Carlos Lúcio Gontijo
Nos anos 2002/2005, presidimos a Associação Mineira de Imprensa (AMI), quando tivemos contato com a escritora mineira Alaíde Lisboa, autora do imperdível “Bonequinha Preta”, lançado em 1938 e que, até o ano de morte de sua criadora (2006), então com 102 anos, havia vendido mais de um milhão de exemplares. Alaíde Lisboa dá nome à biblioteca da AMI, o que motivou o nosso encontro amigável e inesquecível em nossa mente, que tatuou na lembrança a imagem daquela figura simples e humilde, apesar de detentora de fulgurante talento.

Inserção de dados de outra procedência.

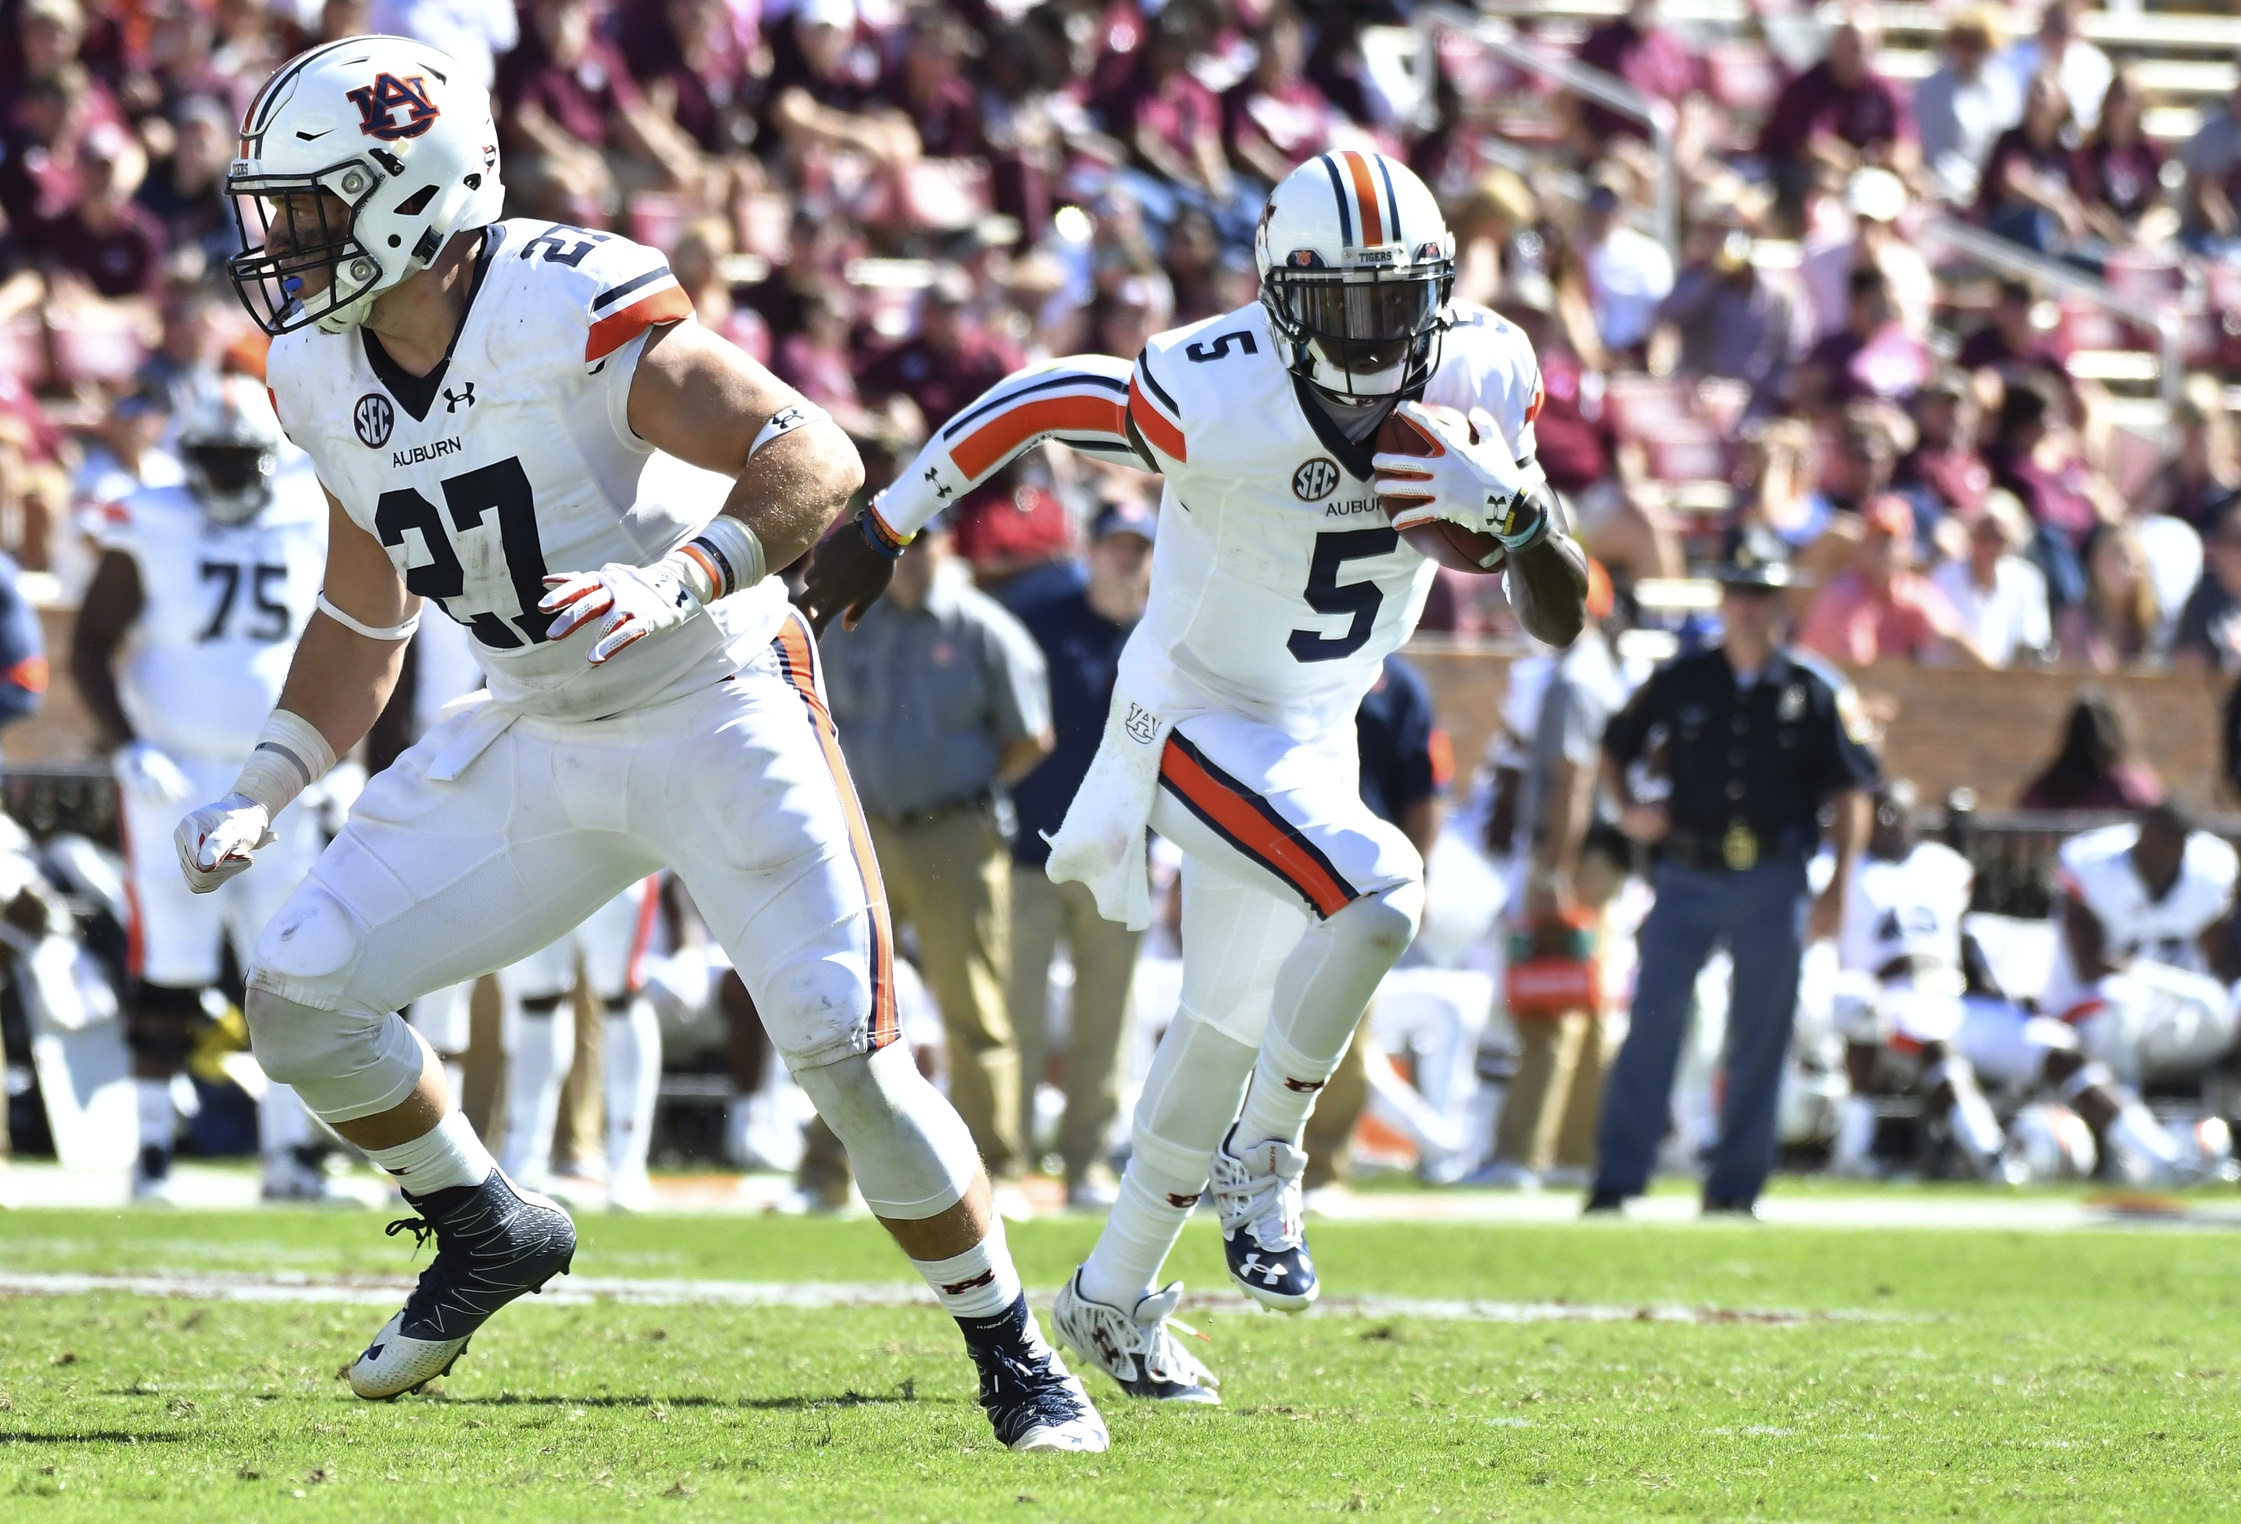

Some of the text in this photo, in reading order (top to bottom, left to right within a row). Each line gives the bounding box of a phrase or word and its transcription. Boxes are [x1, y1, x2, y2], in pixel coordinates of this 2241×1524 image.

[1358, 250, 1393, 264] TIGERS
[1184, 328, 1259, 364] 5
[355, 395, 393, 447] SEC
[392, 436, 462, 469] AUBURN
[1294, 459, 1339, 500] SEC
[374, 455, 560, 648] 27
[196, 561, 291, 643] 75
[1285, 525, 1400, 663] 5

Alaíde, que nos foi apresentada por Pedro Rabelo Mesquita, jornalista e bom amigo, solicitou-nos que a levássemos até o teatro da AMI. Demos-lhe o braço e a auxiliamos na descida das escadas. Ela parou diante do tablado, como quem estivesse a transportar para o palco do presente imagens e cenários do passado. Puxamos assunto, dizendo que conhecíamos gente do mundo teatral que não gostava de maneira alguma de poesia e, sem pestanejar, Alaíde Lisboa nos respondeu, em voz mansa e terna: “Meu filho, na certa não é boa no que faz, pois teatro exige ritmo, sonoridade nos passos, nos gestos e na fala, predicados encontrados fartamente na poesia”.
E como tinha razão, aquela senhora banhada na riqueza da mais pura sensibilidade! Em seguida, com a mesma sabedoria, acrescentou: “Nada mais difícil que fazer poemas de verdade; daqueles cheios de metáforas, nos quais podemos notar a alma estendida do poeta”. Recordo-me bem de assistir à sua mão espalmada passando, delicadamente, sobre a placa afixada na entrada da sala da biblioteca, em silencioso (e caloroso) agradecimento digital.
Hoje, quando nos preparamos para a impressão de nosso 16º livro, vivenciando tantas pessoas embebidas em orgulho desmedido e tolas vaidades, reafirmamos nossas juras de respeito e fidelidade à nossa própria trajetória, marcada pelo exclusivo compromisso com a literatura, à qual servimos como o operário de uma montadora de veículos, sob a absoluta consciência de que somos apenas parte de uma grande engrenagem – no caso, o conjunto do meio literário.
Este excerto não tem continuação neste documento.